Putting The NAP To Sleep: Aggression Isn’t So Bad After All

Deontology is out, teleology is in. The non-aggression principle (NAP) has been a staple of libertarian theory since its modern iteration with Murray Rothbard, and while it has considerable use in user-user interactions within the system, it’s a fragile bit of political technology when employed in system-user interactions.

I’ve talked a little bit about rights, teleology, and non-aggression before, but I don’t know that I’ve delved deep enough into this particular libertarian hang-up. And it is a hang-up. It’s sometimes bizarre what sort of governance strategies and prohibitions on state action libertarians or anarcho-capitalists will justify to themselves through this device—browsing the endless NAP manuals is an exercise in spelunking, an exploratory journey to see how far down the rabbit hole of absurdity that travel is possible.

Stated succinctly by Rothbard, “The libertarian creed rests upon one central axiom: that no man or group of men may aggress against the person or property of anyone else…“Aggression” is defined as the initiation of the use or threat of physical violence against the person or property of anyone else.”

For anyone interested in further reading, as well as a discussion of the relationship between the NAP and self-ownership based on an atheological conception of natural law, Rothbard’s most informative works include: For a New Liberty, Egalitarianism as a Revolt against Nature and Other Essays, and The Ethics of Liberty. There have been a lot of bad criticisms of the NAP, criticisms which amount to little more than whinging about the unfairness of it all, or complaining about deontology vs. utilitarianism.
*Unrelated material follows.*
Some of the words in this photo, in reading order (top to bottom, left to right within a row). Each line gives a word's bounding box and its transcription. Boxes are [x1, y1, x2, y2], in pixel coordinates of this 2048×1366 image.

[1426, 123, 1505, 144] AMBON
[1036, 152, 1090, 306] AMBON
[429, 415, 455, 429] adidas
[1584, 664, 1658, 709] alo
I’ll bracket out the utilitarianism debate. Too much useless discussion of axe murderers at the door, and so on. I’m subbing in teleology, not utilitarianism.

For those that think the NAP is beside the point and not worth wasting any time over, you’d be surprised how many people spend years and years stuck in the model. The NAP has proven to be very sticky. A non-insignificant number of folks on the right have been dominated by this meme.
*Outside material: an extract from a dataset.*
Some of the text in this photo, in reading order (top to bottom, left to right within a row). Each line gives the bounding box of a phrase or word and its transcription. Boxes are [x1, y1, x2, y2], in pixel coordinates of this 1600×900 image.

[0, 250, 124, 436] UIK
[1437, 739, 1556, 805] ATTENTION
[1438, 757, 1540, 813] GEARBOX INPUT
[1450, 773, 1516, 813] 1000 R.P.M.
I’m A Marxist, And I NAP Better Than You Can.

Probably most striking about the NAP is how it lies unappropriated by others, owing to its cladistic association with libertarianism. In reality, the NAP is putty to be molded in the hands of those who know how to play with property rights. How the NAP is interpreted depends on one’s prior conception of property rights. The ordinary libertarian sees the worker-organized movement to seize the means of production as a form of blatant aggression and property rights violation. But, is it? Well, sure, from a libertarian conception of property rights. The Marxist sees the exact same situation through a different lense. Since the capitalist has unjustly appropriated surplus value from labor belonging exclusively to the laborer, seizing the means of production is no more unjust than taking an apple back from a schoolboy who stole it from you.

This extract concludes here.